* What is needed *
I'd like the data beneath this line reproduced exactly, without any of its images.

Data items

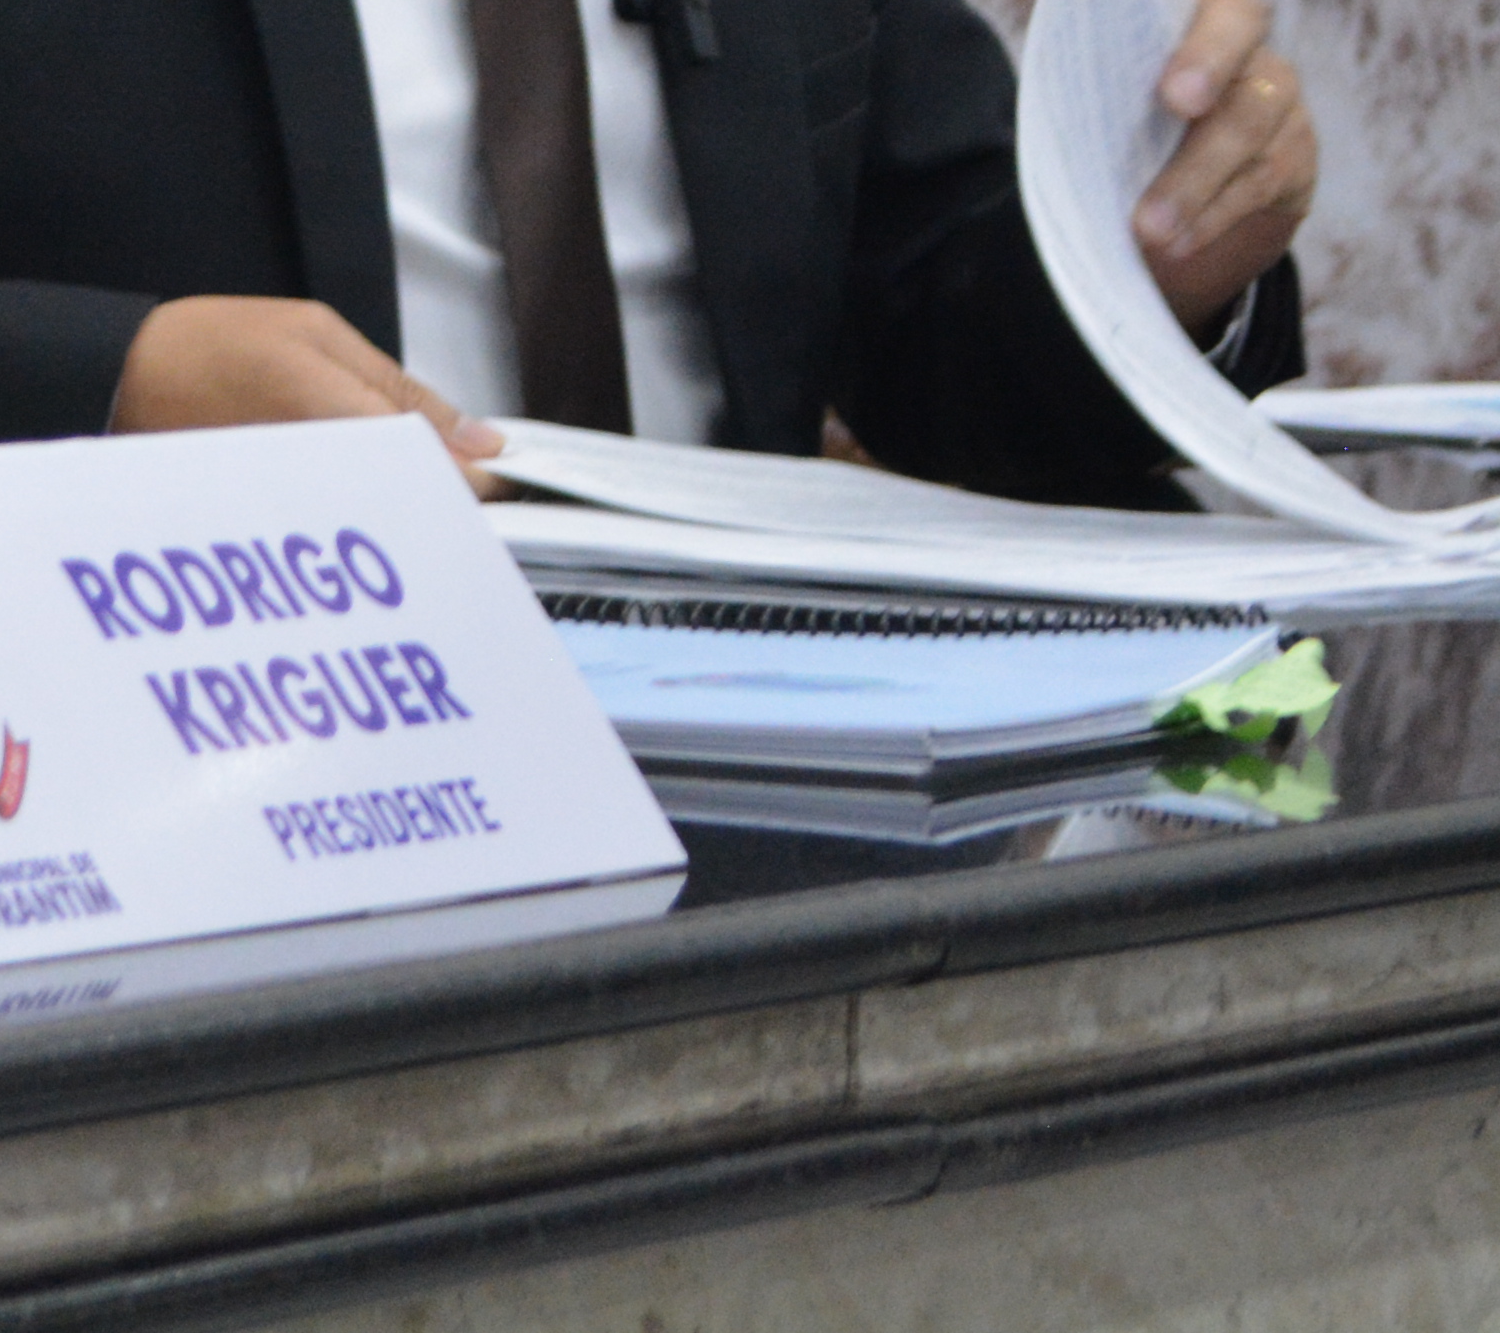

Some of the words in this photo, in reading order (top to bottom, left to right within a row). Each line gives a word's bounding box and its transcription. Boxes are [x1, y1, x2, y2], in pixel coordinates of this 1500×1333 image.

[60, 526, 405, 640] RODRIGO
[144, 641, 474, 755] KRIGUER
[69, 851, 99, 875] DE
[263, 777, 501, 862] PRESIDENTE

* Answer space *
Some of the words in this photo, in reading order (top to bottom, left to right within a row). Each line gives a word's bounding box and its transcription. Boxes are [x1, y1, x2, y2], in pixel coordinates of this 1500×1333 image.

[60, 526, 405, 640] RODRIGO
[144, 641, 474, 755] KRIGUER
[69, 851, 99, 875] DE
[263, 777, 501, 862] PRESIDENTE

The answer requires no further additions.